On paper, that may not sound all that different from most survival shooters, but Hentai vs. Evil makes the exercise mindlessly boring. I hope you cancel your plans, because these survival rounds last forever. Instead of getting increasingly challenging and intense, this mode starts easy and remains easy, no matter what difficulty you choose. And because the power-ups and health items quickly respawn, you'll find that a session can go on for hours without breaking a sweat. It got to the point where I started dying on purpose just to move on to the next stage.
On that note, I have to say that the level designs are probably my favorite part of this game. There are three stages in all, including one that takes place in the suburbs, one set on a pirate-themed island and a third one that is set at night in the middle of a large metropolitan city. Of the three, only the city stage is a clunker. It's dark, repetitive and not memorable in any way. That said, the other two stages make up for this by being large and fun to explore. The island, for example, not only has wide-open sections to fight in, but also a closed in town that lives up to the pirate theme.

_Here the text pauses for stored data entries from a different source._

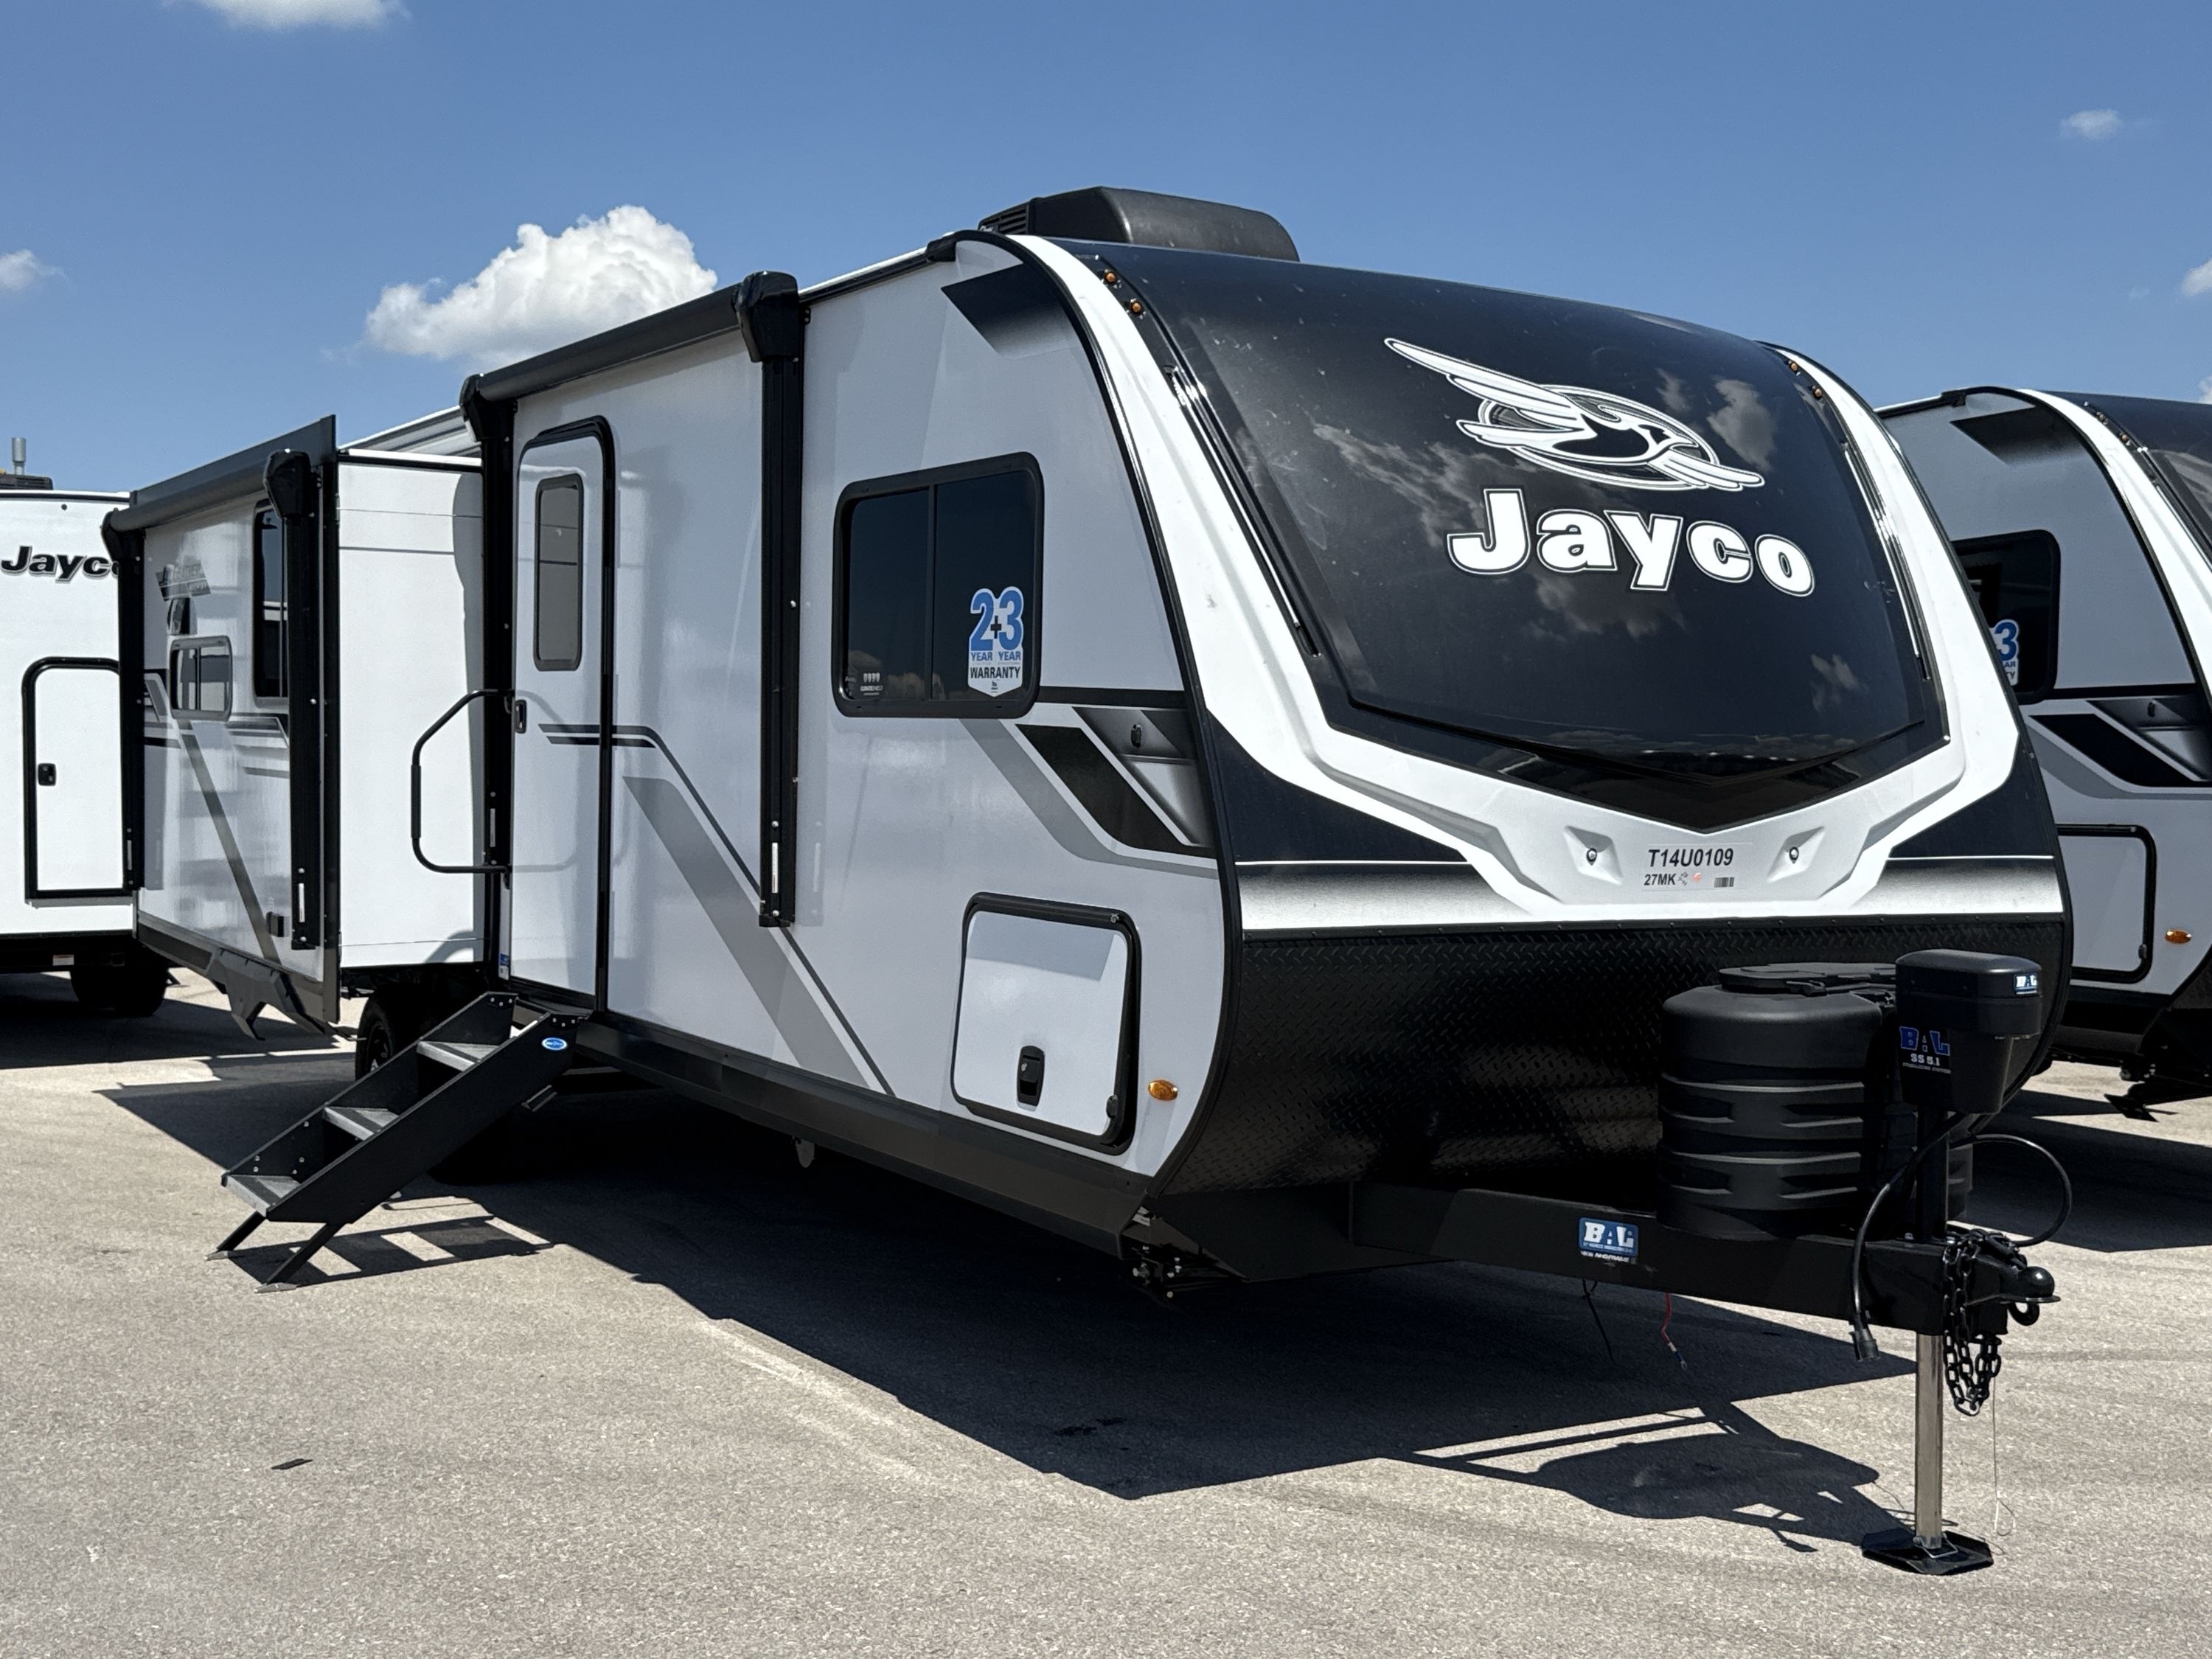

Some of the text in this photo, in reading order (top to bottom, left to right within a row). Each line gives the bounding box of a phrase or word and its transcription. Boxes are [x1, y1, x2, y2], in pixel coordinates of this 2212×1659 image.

[1447, 488, 1815, 597] Jayco
[0, 546, 119, 583] Jayc
[970, 651, 1021, 661] YEAR YEAR
[970, 667, 1021, 679] WARRANTY
[1648, 847, 1734, 868] T14U0109
[1643, 873, 1677, 886] 27MK
[1899, 1026, 1951, 1057] BAL
[1910, 1052, 1925, 1064] SS
[1583, 1221, 1635, 1249] BAL

This ends up being the one and only time when we see an actual spark of creativity. Had this game come with, say, ten stages as well-crafted as the pirate island, then I suspect my grade might be a little higher. Sure, it would still be a repetitive mess of a shooter that is way too easy for its own good, but at least exploring the different worlds would have given the game more replay. As it is, you'll try out the Rescue and Survival modes, play through the three stages, collect 100% of the achievements and then never want to play Hentai vs. Evil ever again.

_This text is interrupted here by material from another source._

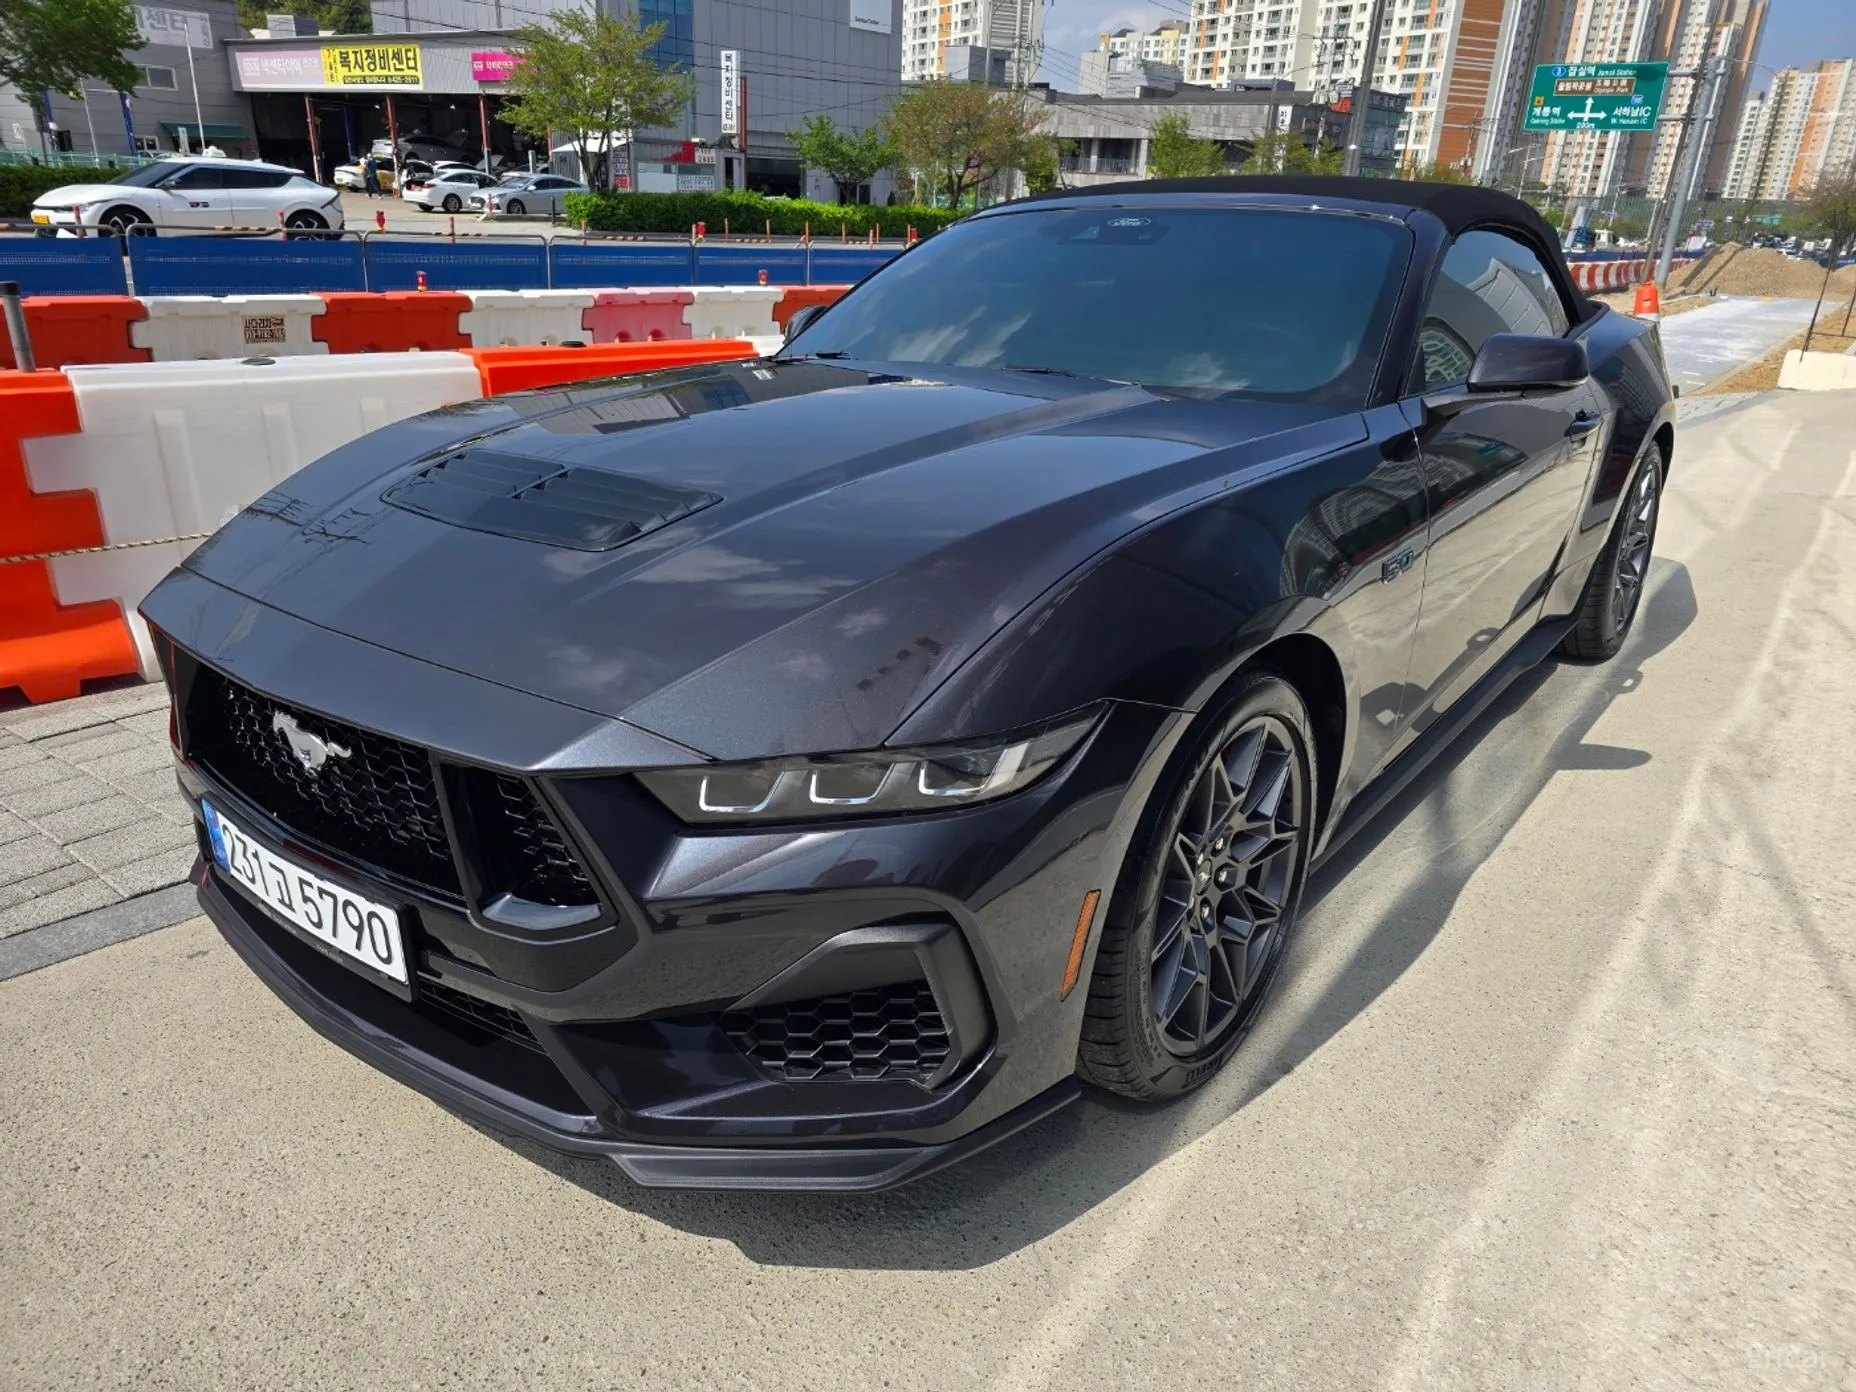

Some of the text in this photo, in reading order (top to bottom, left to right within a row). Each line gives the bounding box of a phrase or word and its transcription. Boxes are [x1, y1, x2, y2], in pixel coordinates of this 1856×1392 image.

[339, 48, 418, 72] 복지정비센터
[1568, 66, 1596, 76] 잠실역
[1616, 67, 1637, 76] Station
[1612, 106, 1652, 117] 서하남IC

And that brings me to the real problem with this game. Is it the terribly floaty gameplay that makes aiming incredibly frustrating? No, though that certainly is a problem. It's also not the annoying music nor the insanely limited selection of bad guys. The real problem with Hentai vs. Evil is that it never lives up to its name. The title is click bait, nothing more. It promises one thing and then never actually delivers on that one thing it promises. For a name that will almost certainly get my review demonetized, the contents of the game are shockingly tame. There's more titillation going on in Waifu Unleashed than anything in this so-called hentai game. Hell, even EastAsiaSoft's recent anime girl poker game is sexier than this.
It's time for developers to realize that adding attractive women to your terrible game doesn't make their game less terrible. Anime girls are not a band-aid. A purposely attention-getting name like Hentai vs. Evil may get the game noticed, but you still have to deliver something that's actually worth playing. This third-person shooter isn't sexy and fun, but rather is boring and repetitive. I miss the days when EastAsiaSoft didn't need to trick consumers into buying their games.
Few games have promised more and delivered less. Hentai vs. Evil is a horror-themed third-person shooter starring, you guessed it, anime girls. This is an aggressively boring exercise in repetition that is somehow even more shallow than you expect. And with only three stages and two modes, you'll do and see everything (and earn all the achievements) in less than an hour. Worst of all, the game never lives up to the provocative title. It's a surprisingly tame experience that is sure to leave you disappointed. Don't fall for the click bait.